START Information provided

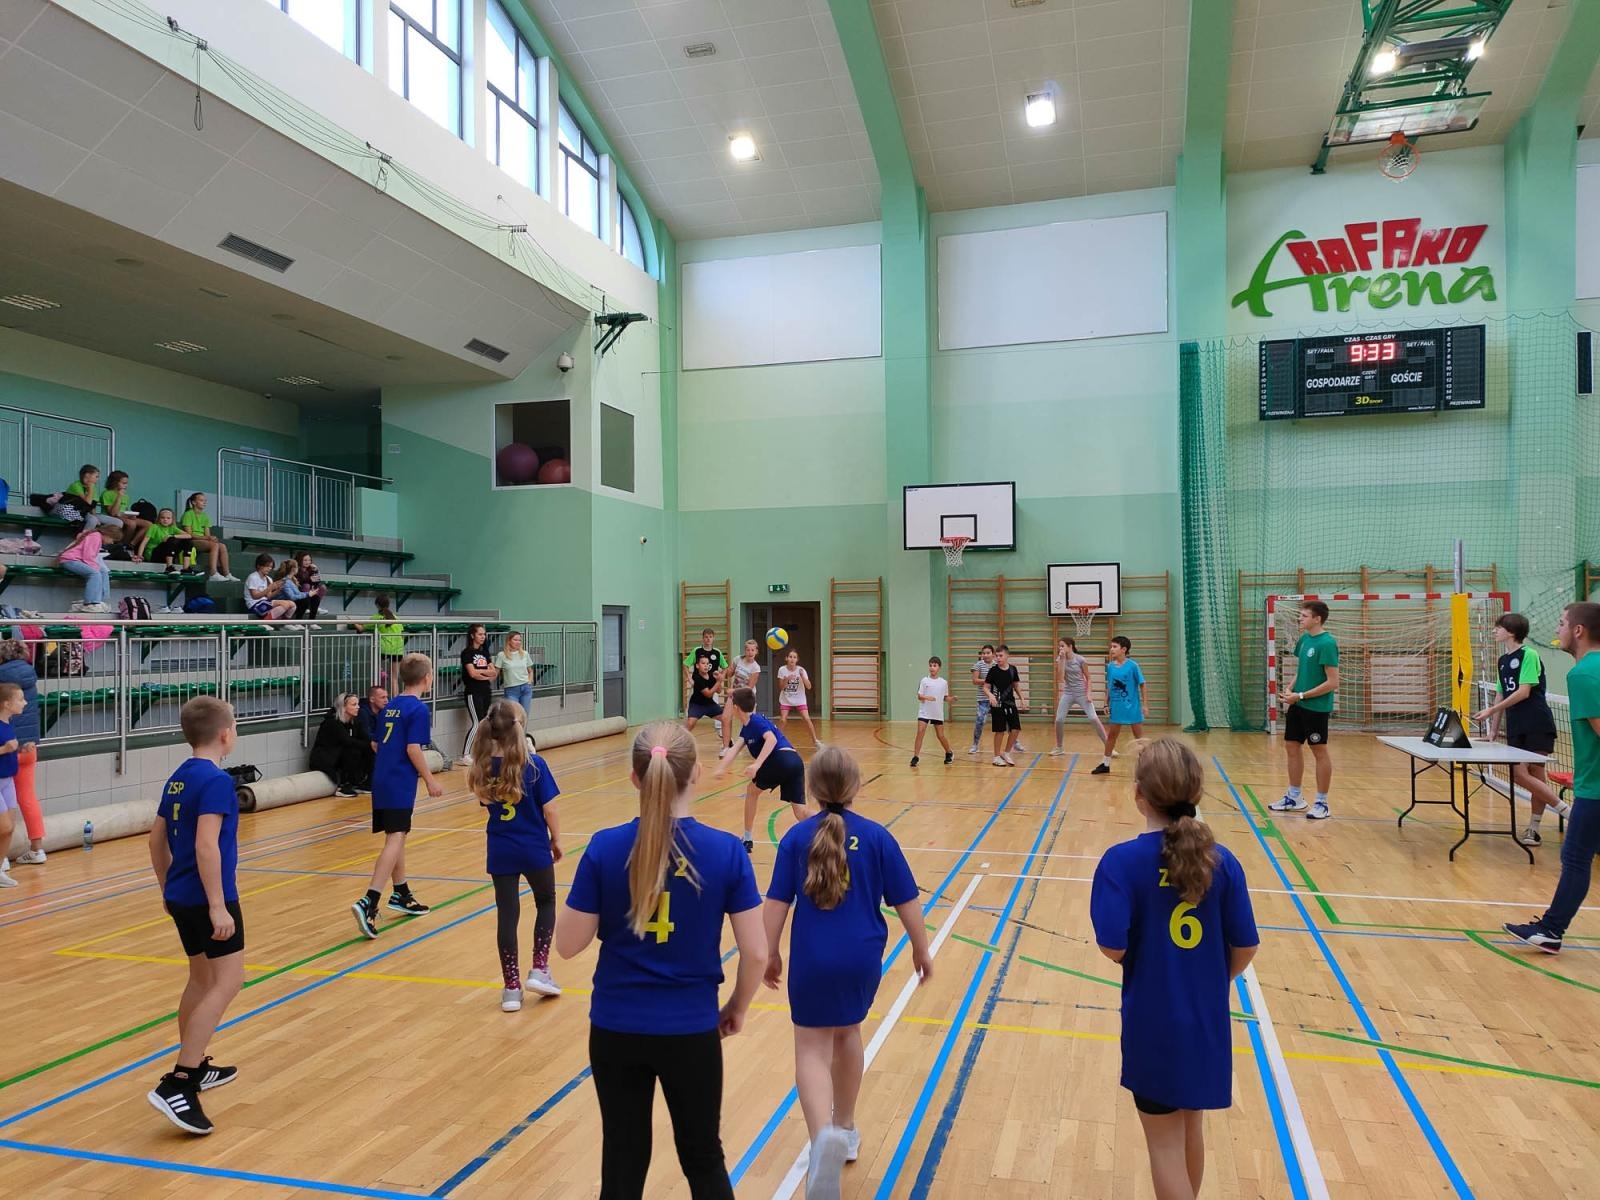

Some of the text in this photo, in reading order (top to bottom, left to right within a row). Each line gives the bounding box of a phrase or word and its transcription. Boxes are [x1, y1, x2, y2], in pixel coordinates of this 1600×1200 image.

[1286, 218, 1488, 276] RAFAKO
[1232, 230, 1497, 317] Arena
[1351, 342, 1394, 362] 9:33
[1306, 376, 1360, 388] GOSPODARZE
[1391, 370, 1422, 383] GOŚCIE
[383, 722, 393, 744] 7
[168, 782, 184, 794] ZSP
[849, 836, 858, 850] 2
[674, 857, 688, 876] 2
[642, 892, 674, 944] 4
[1170, 901, 1203, 949] 6
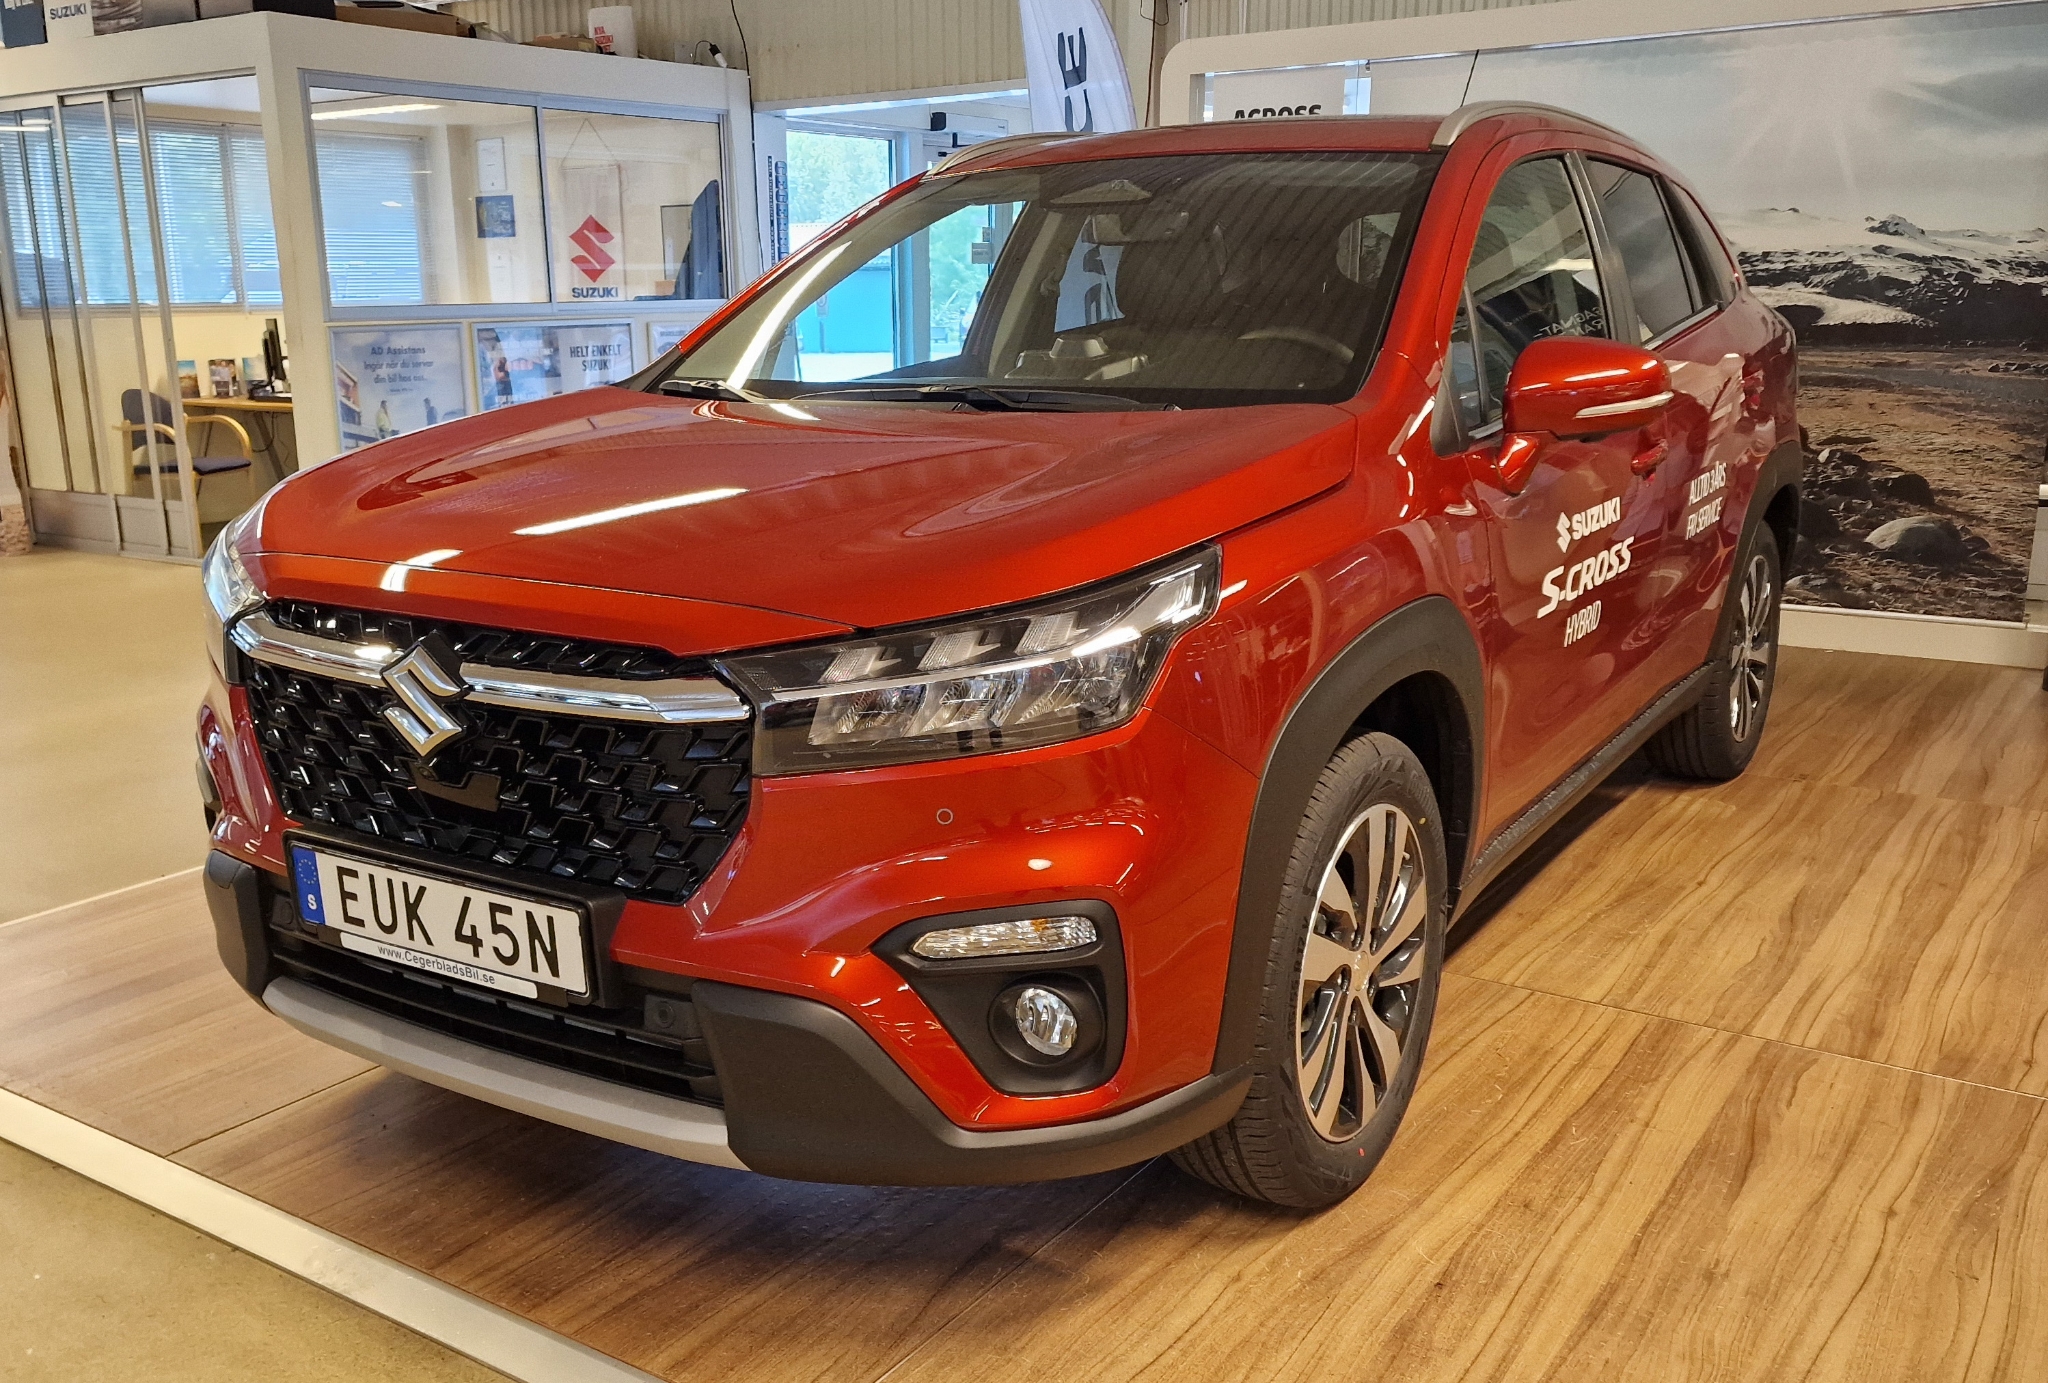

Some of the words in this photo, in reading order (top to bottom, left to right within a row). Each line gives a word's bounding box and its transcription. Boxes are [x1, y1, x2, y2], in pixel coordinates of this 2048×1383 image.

END Information provided

== What is being asked ==
For the data above, return an exact copy that contains no pictures.

== Solution for this problem ==
Some of the text in this photo, in reading order (top to bottom, left to right within a row). Each line gives the bounding box of a phrase or word and its transcription. Boxes are [x1, y1, x2, y2], in pixel coordinates of this 1600×1200 image.

[1286, 218, 1488, 276] RAFAKO
[1232, 230, 1497, 317] Arena
[1351, 342, 1394, 362] 9:33
[1306, 376, 1360, 388] GOSPODARZE
[1391, 370, 1422, 383] GOŚCIE
[383, 722, 393, 744] 7
[168, 782, 184, 794] ZSP
[849, 836, 858, 850] 2
[674, 857, 688, 876] 2
[642, 892, 674, 944] 4
[1170, 901, 1203, 949] 6

Some of the words in this photo, in reading order (top to bottom, left to right within a row). Each line gives a word's bounding box and its transcription. Boxes are [x1, y1, x2, y2], in pixel coordinates of this 2048×1383 image.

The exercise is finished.